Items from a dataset
___

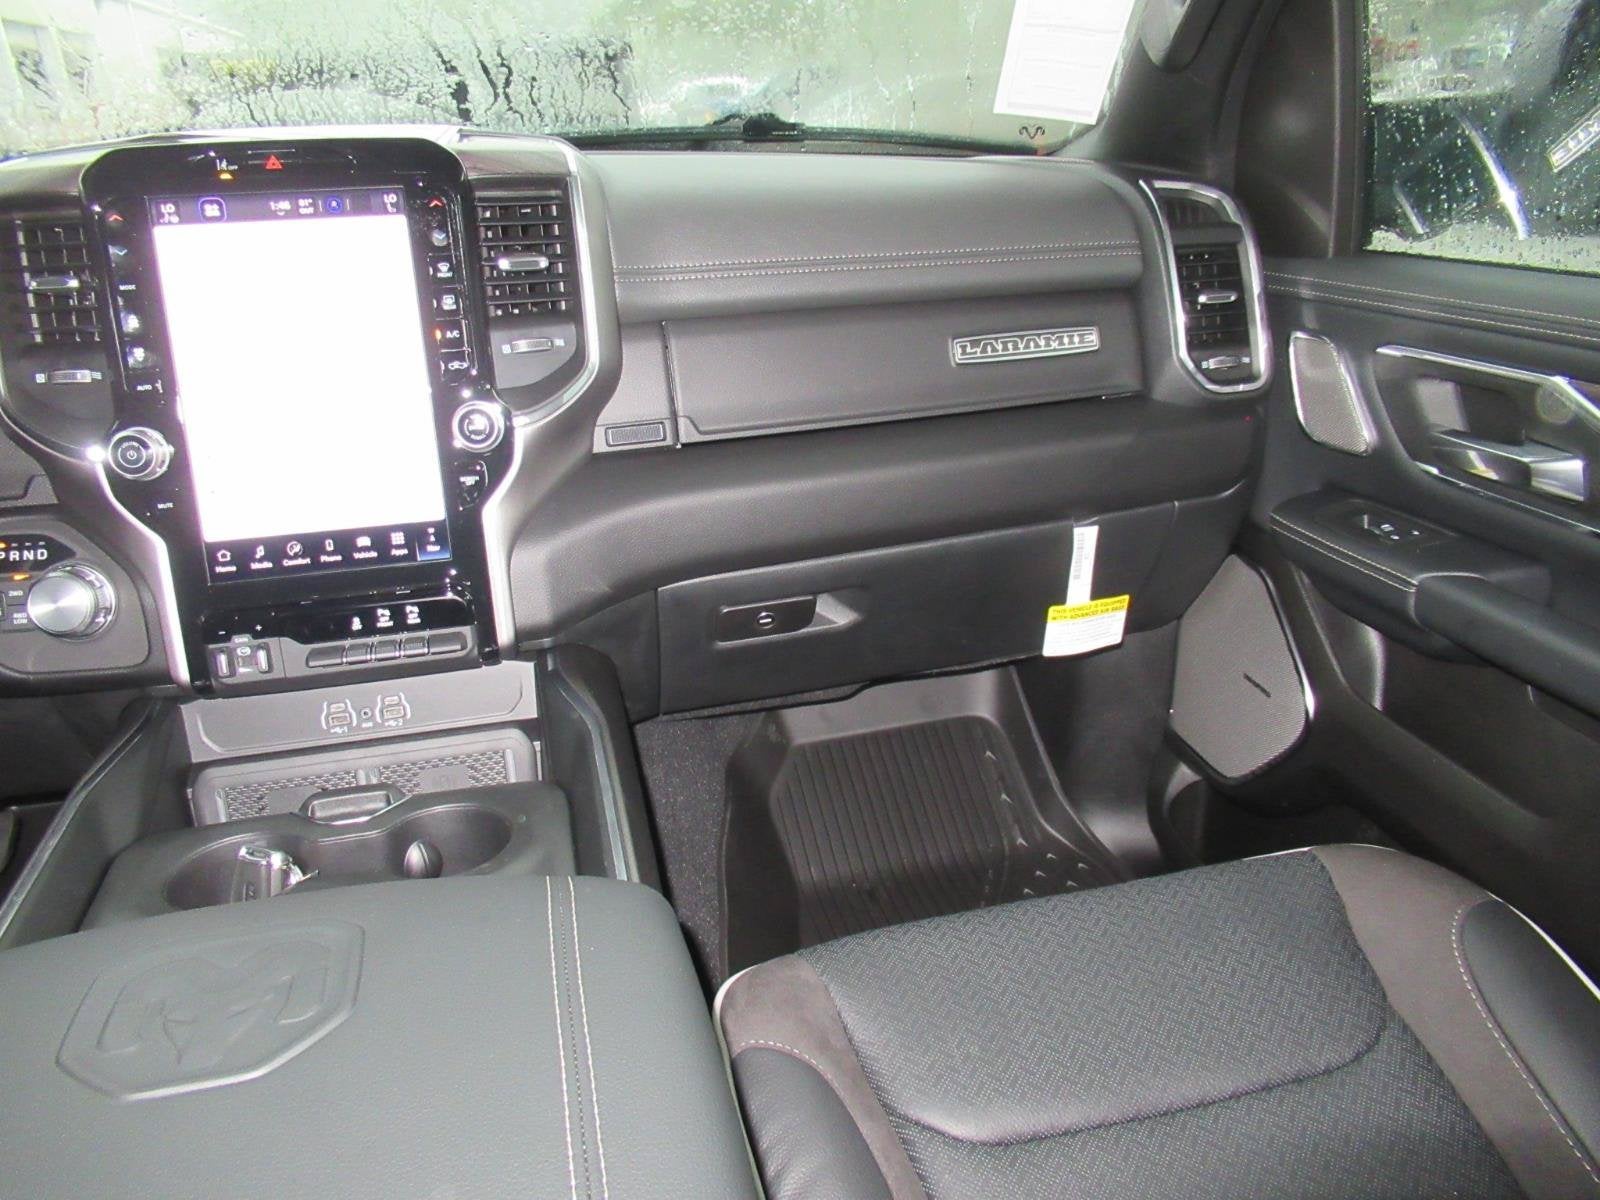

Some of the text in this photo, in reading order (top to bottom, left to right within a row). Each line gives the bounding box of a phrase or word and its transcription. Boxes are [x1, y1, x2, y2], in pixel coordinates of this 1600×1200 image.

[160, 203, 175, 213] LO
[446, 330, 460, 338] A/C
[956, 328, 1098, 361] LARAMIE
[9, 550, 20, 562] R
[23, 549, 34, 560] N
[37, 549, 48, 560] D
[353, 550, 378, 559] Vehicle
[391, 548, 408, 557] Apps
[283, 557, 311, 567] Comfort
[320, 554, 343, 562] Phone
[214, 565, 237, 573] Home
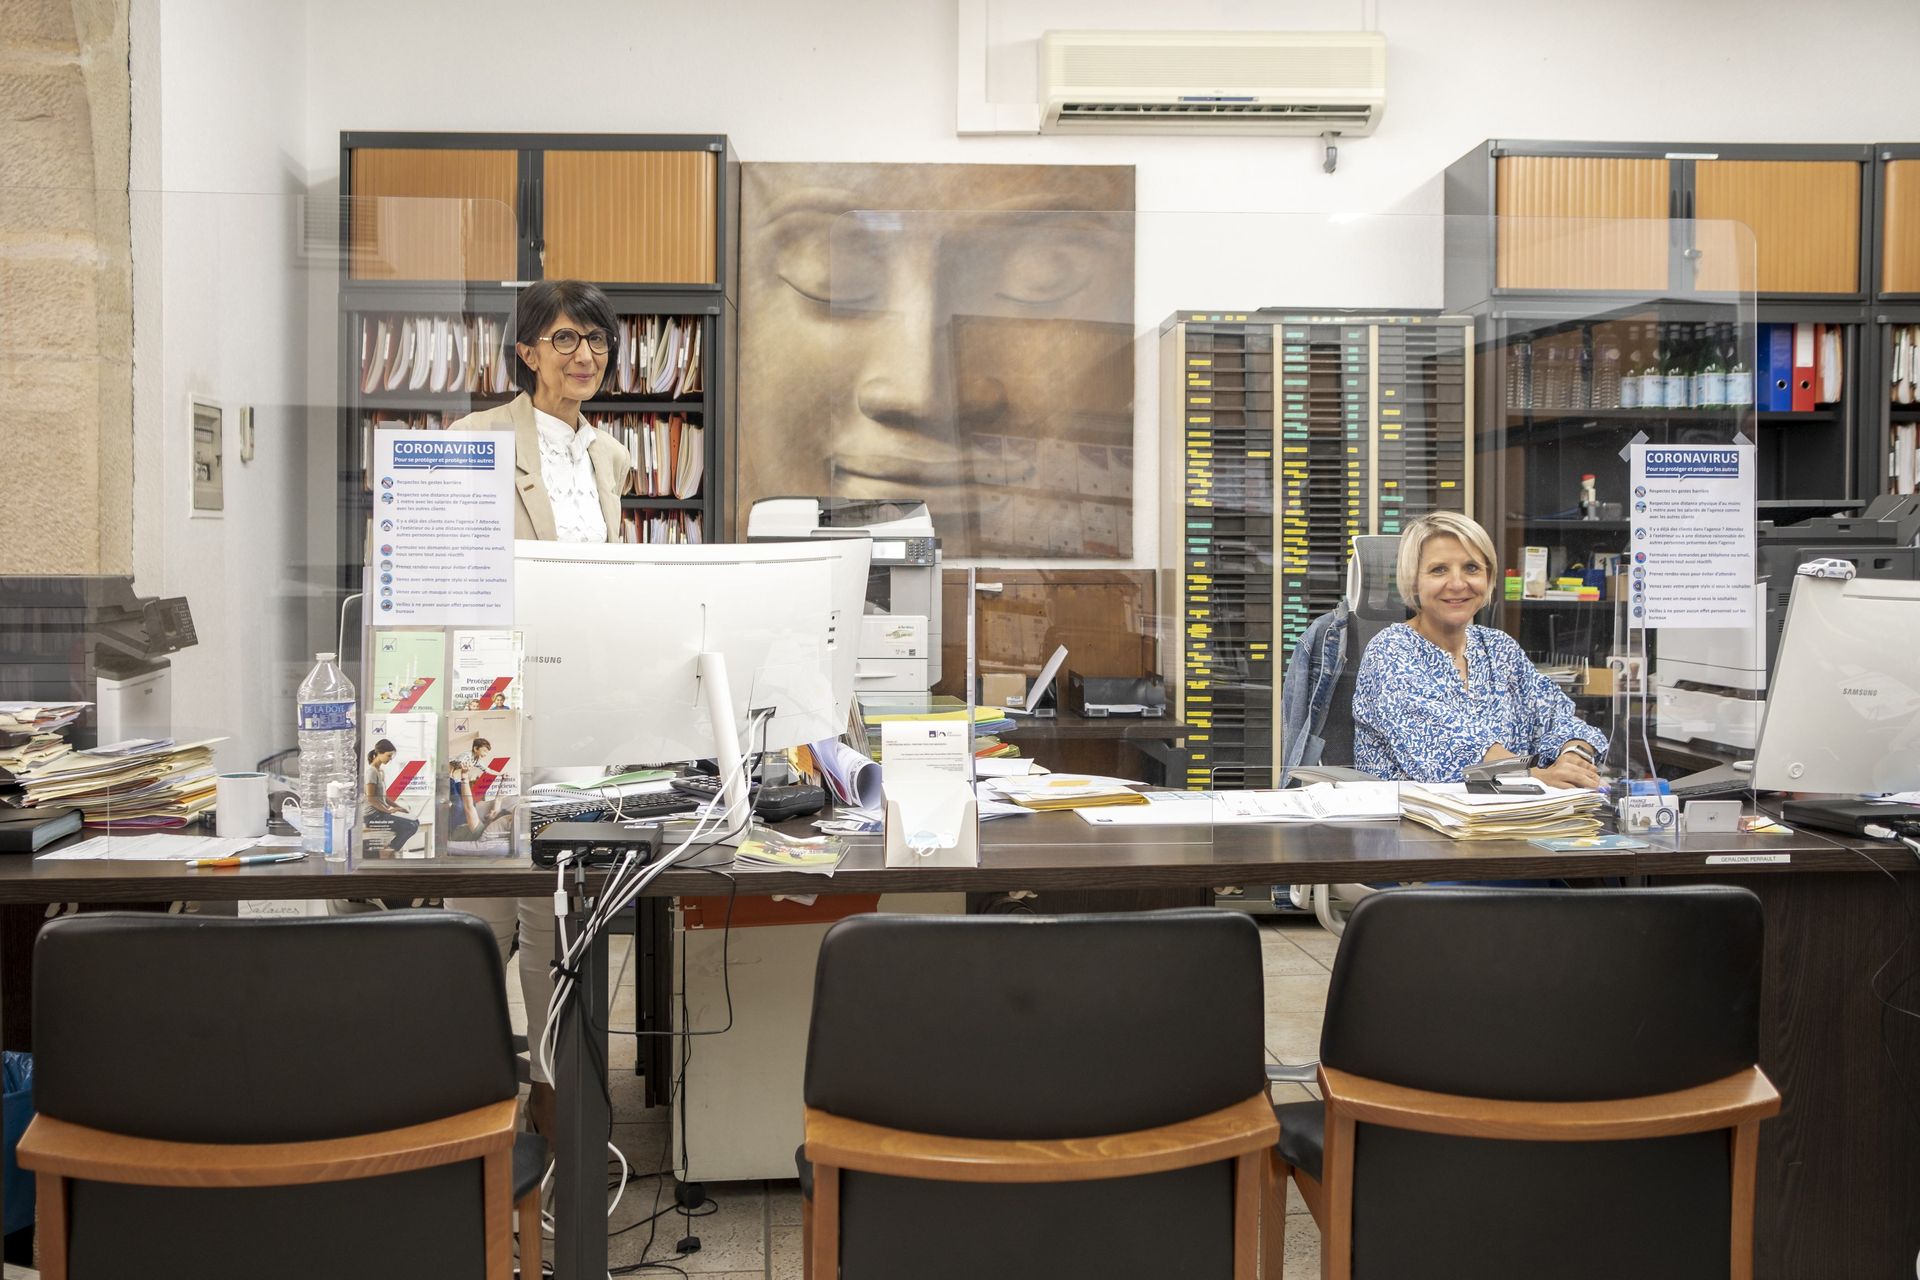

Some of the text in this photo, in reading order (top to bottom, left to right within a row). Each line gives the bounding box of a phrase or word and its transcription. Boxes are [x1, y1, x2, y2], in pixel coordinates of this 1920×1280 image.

___

▶ _Your goal_
Each record above goes into the copy word for word; the pictures do not.

▶ _Worked solution_
Some of the text in this photo, in reading order (top to bottom, left to right within a row). Each line gives the bounding box of a phrase or word and its transcription. Boxes are [x1, y1, x2, y2], in pixel coordinates of this 1600×1200 image.

[160, 203, 175, 213] LO
[446, 330, 460, 338] A/C
[956, 328, 1098, 361] LARAMIE
[9, 550, 20, 562] R
[23, 549, 34, 560] N
[37, 549, 48, 560] D
[353, 550, 378, 559] Vehicle
[391, 548, 408, 557] Apps
[283, 557, 311, 567] Comfort
[320, 554, 343, 562] Phone
[214, 565, 237, 573] Home

Some of the text in this photo, in reading order (top to bottom, left to right within a row). Each line gives the bounding box of a phrase or word and its transcription. Boxes are [x1, y1, x2, y2], in pixel coordinates of this 1920×1280 image.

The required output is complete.